Supplied data START

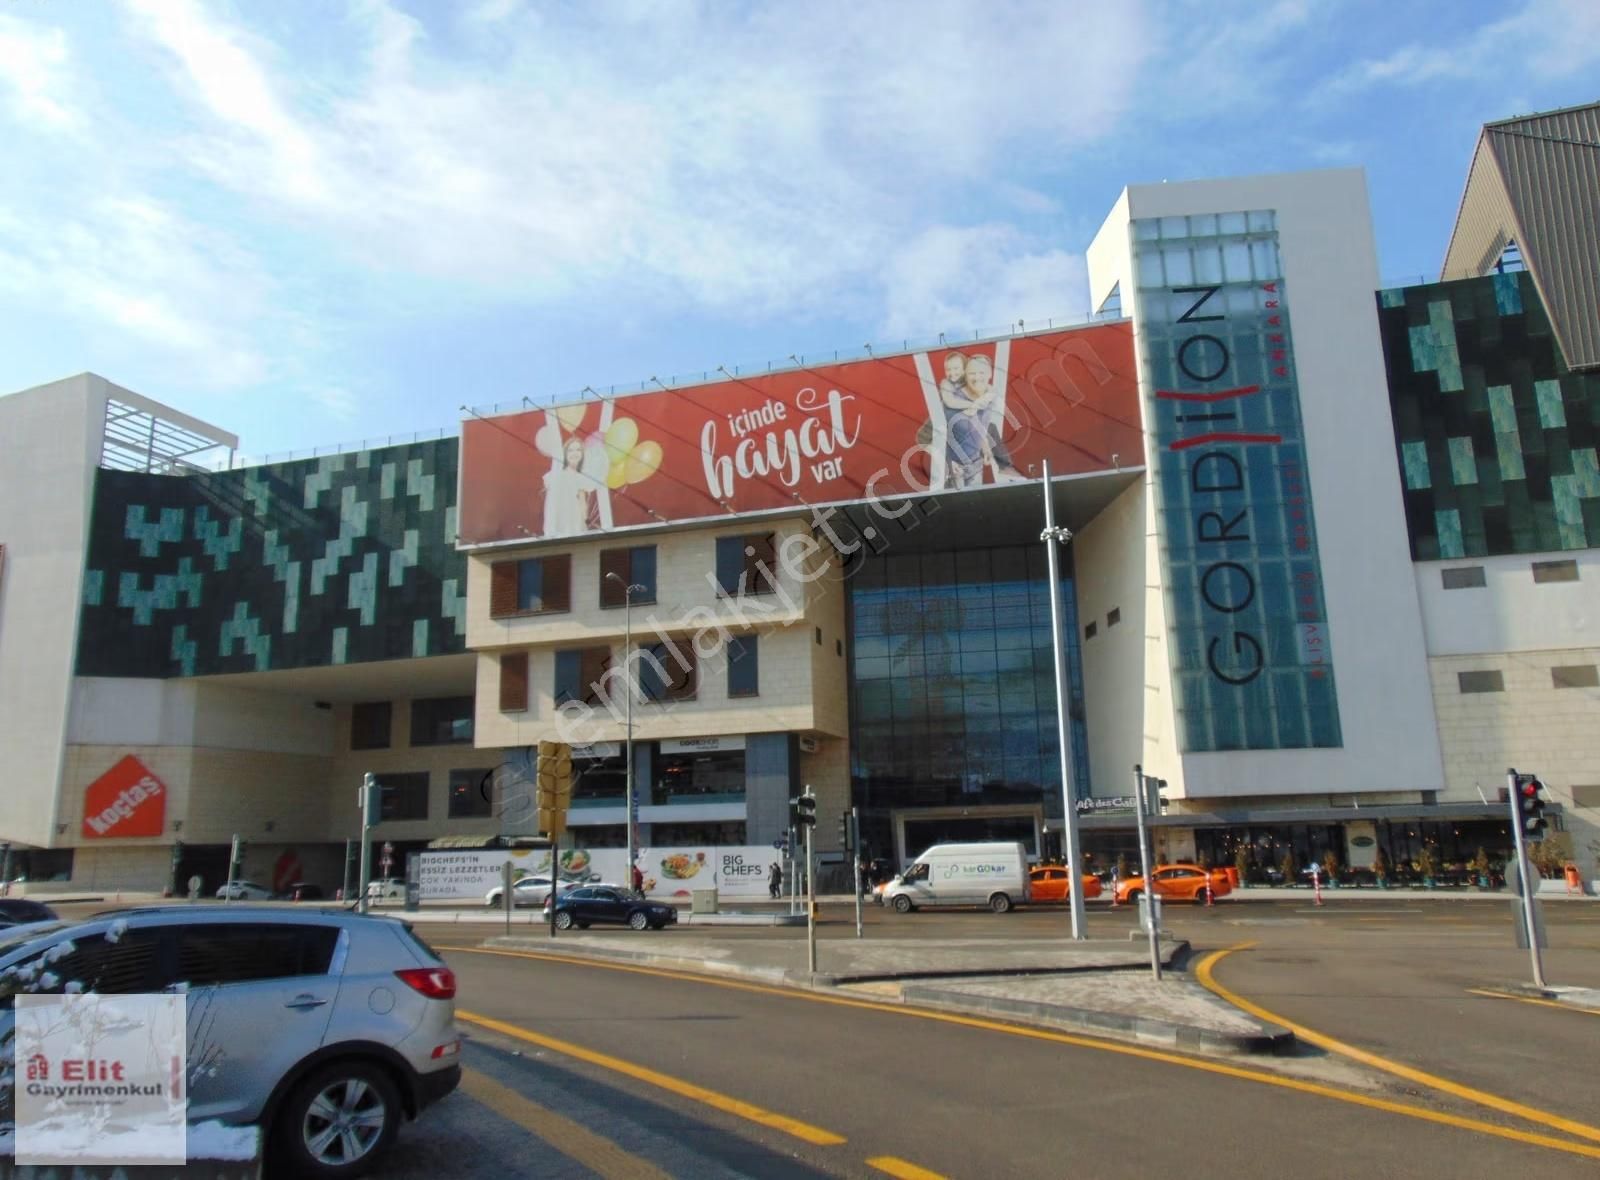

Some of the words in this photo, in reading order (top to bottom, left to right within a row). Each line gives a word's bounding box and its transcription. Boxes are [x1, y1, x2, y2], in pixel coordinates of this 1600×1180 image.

[727, 399, 787, 438] içinde
[701, 388, 861, 498] hayat
[810, 456, 843, 483] var
[84, 776, 161, 834] koçtaş
[723, 855, 744, 865] BIG
[723, 865, 762, 876] CHEFS

Supplied data END

Retype every entry verbatim and exclude the pictures from the copy.

▶ [The answer]:
Some of the words in this photo, in reading order (top to bottom, left to right within a row). Each line gives a word's bounding box and its transcription. Boxes are [x1, y1, x2, y2], in pixel coordinates of this 1600×1180 image.

[727, 399, 787, 438] içinde
[701, 388, 861, 498] hayat
[810, 456, 843, 483] var
[84, 776, 161, 834] koçtaş
[723, 855, 744, 865] BIG
[723, 865, 762, 876] CHEFS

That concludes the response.